Problem statement —
Output all of the data verbatim.

Data provided —
--------

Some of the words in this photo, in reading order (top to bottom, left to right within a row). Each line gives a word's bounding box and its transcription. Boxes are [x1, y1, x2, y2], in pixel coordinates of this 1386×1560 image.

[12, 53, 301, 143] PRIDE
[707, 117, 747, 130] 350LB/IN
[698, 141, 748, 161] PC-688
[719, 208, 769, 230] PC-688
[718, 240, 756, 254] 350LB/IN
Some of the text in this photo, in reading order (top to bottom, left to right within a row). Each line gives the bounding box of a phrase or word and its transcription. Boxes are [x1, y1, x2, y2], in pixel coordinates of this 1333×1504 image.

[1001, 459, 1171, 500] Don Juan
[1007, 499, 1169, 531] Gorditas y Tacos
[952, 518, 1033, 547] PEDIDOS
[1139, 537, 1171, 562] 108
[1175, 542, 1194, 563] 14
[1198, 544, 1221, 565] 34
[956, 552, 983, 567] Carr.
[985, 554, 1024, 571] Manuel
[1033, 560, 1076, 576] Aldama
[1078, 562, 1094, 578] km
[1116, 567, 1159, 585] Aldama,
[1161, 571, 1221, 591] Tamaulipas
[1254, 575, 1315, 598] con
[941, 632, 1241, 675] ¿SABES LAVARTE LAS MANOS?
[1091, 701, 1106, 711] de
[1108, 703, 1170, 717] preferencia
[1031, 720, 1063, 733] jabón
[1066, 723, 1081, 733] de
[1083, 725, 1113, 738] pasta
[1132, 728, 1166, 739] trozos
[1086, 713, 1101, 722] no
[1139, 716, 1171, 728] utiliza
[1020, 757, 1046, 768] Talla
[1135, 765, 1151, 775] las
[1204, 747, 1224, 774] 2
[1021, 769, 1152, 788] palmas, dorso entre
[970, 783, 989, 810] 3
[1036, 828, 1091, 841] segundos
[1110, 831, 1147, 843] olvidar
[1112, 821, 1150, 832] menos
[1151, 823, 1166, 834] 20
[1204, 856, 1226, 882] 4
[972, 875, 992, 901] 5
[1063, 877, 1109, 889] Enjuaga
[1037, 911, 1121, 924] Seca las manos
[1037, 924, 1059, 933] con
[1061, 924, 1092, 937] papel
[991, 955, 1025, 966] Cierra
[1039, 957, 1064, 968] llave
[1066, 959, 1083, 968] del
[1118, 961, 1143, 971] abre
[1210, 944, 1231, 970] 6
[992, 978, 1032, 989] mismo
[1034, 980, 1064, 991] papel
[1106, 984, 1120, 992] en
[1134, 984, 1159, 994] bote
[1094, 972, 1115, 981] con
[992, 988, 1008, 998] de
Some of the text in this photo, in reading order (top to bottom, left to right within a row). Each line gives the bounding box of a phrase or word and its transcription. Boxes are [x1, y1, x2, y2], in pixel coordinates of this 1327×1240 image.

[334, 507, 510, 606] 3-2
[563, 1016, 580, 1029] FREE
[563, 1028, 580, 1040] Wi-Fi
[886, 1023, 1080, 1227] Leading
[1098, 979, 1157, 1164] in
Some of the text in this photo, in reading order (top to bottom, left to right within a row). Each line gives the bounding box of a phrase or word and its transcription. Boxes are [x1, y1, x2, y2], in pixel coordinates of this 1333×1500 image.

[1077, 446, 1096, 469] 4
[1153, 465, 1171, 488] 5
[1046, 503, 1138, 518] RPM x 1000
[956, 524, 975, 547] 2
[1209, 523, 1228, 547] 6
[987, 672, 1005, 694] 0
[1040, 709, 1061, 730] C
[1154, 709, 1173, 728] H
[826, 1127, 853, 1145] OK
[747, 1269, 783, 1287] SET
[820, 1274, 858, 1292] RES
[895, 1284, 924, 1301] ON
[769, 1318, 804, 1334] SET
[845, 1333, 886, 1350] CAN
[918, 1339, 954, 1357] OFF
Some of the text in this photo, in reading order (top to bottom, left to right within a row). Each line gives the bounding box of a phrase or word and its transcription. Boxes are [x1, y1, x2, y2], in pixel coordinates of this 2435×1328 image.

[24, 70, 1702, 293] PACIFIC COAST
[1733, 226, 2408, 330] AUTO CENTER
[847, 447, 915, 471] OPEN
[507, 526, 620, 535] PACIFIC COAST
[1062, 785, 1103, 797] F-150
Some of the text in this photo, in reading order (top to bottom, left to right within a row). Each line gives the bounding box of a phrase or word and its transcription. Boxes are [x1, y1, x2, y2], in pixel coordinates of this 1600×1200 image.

--------

Written solution —
Some of the words in this photo, in reading order (top to bottom, left to right within a row). Each line gives a word's bounding box and its transcription. Boxes are [x1, y1, x2, y2], in pixel coordinates of this 1386×1560 image.

[12, 53, 301, 143] PRIDE
[707, 117, 747, 130] 350LB/IN
[698, 141, 748, 161] PC-688
[719, 208, 769, 230] PC-688
[718, 240, 756, 254] 350LB/IN
Some of the text in this photo, in reading order (top to bottom, left to right within a row). Each line gives the bounding box of a phrase or word and its transcription. Boxes are [x1, y1, x2, y2], in pixel coordinates of this 1333×1504 image.

[1001, 459, 1171, 500] Don Juan
[1007, 499, 1169, 531] Gorditas y Tacos
[952, 518, 1033, 547] PEDIDOS
[1139, 537, 1171, 562] 108
[1175, 542, 1194, 563] 14
[1198, 544, 1221, 565] 34
[956, 552, 983, 567] Carr.
[985, 554, 1024, 571] Manuel
[1033, 560, 1076, 576] Aldama
[1078, 562, 1094, 578] km
[1116, 567, 1159, 585] Aldama,
[1161, 571, 1221, 591] Tamaulipas
[1254, 575, 1315, 598] con
[941, 632, 1241, 675] ¿SABES LAVARTE LAS MANOS?
[1091, 701, 1106, 711] de
[1108, 703, 1170, 717] preferencia
[1031, 720, 1063, 733] jabón
[1066, 723, 1081, 733] de
[1083, 725, 1113, 738] pasta
[1132, 728, 1166, 739] trozos
[1086, 713, 1101, 722] no
[1139, 716, 1171, 728] utiliza
[1020, 757, 1046, 768] Talla
[1135, 765, 1151, 775] las
[1204, 747, 1224, 774] 2
[1021, 769, 1152, 788] palmas, dorso entre
[970, 783, 989, 810] 3
[1036, 828, 1091, 841] segundos
[1110, 831, 1147, 843] olvidar
[1112, 821, 1150, 832] menos
[1151, 823, 1166, 834] 20
[1204, 856, 1226, 882] 4
[972, 875, 992, 901] 5
[1063, 877, 1109, 889] Enjuaga
[1037, 911, 1121, 924] Seca las manos
[1037, 924, 1059, 933] con
[1061, 924, 1092, 937] papel
[991, 955, 1025, 966] Cierra
[1039, 957, 1064, 968] llave
[1066, 959, 1083, 968] del
[1118, 961, 1143, 971] abre
[1210, 944, 1231, 970] 6
[992, 978, 1032, 989] mismo
[1034, 980, 1064, 991] papel
[1106, 984, 1120, 992] en
[1134, 984, 1159, 994] bote
[1094, 972, 1115, 981] con
[992, 988, 1008, 998] de
Some of the text in this photo, in reading order (top to bottom, left to right within a row). Each line gives the bounding box of a phrase or word and its transcription. Boxes are [x1, y1, x2, y2], in pixel coordinates of this 1327×1240 image.

[334, 507, 510, 606] 3-2
[563, 1016, 580, 1029] FREE
[563, 1028, 580, 1040] Wi-Fi
[886, 1023, 1080, 1227] Leading
[1098, 979, 1157, 1164] in
Some of the text in this photo, in reading order (top to bottom, left to right within a row). Each line gives the bounding box of a phrase or word and its transcription. Boxes are [x1, y1, x2, y2], in pixel coordinates of this 1333×1500 image.

[1077, 446, 1096, 469] 4
[1153, 465, 1171, 488] 5
[1046, 503, 1138, 518] RPM x 1000
[956, 524, 975, 547] 2
[1209, 523, 1228, 547] 6
[987, 672, 1005, 694] 0
[1040, 709, 1061, 730] C
[1154, 709, 1173, 728] H
[826, 1127, 853, 1145] OK
[747, 1269, 783, 1287] SET
[820, 1274, 858, 1292] RES
[895, 1284, 924, 1301] ON
[769, 1318, 804, 1334] SET
[845, 1333, 886, 1350] CAN
[918, 1339, 954, 1357] OFF
Some of the text in this photo, in reading order (top to bottom, left to right within a row). Each line gives the bounding box of a phrase or word and its transcription. Boxes are [x1, y1, x2, y2], in pixel coordinates of this 2435×1328 image.

[24, 70, 1702, 293] PACIFIC COAST
[1733, 226, 2408, 330] AUTO CENTER
[847, 447, 915, 471] OPEN
[507, 526, 620, 535] PACIFIC COAST
[1062, 785, 1103, 797] F-150
Some of the text in this photo, in reading order (top to bottom, left to right within a row). Each line gives the bounding box of a phrase or word and its transcription. Boxes are [x1, y1, x2, y2], in pixel coordinates of this 1600×1200 image.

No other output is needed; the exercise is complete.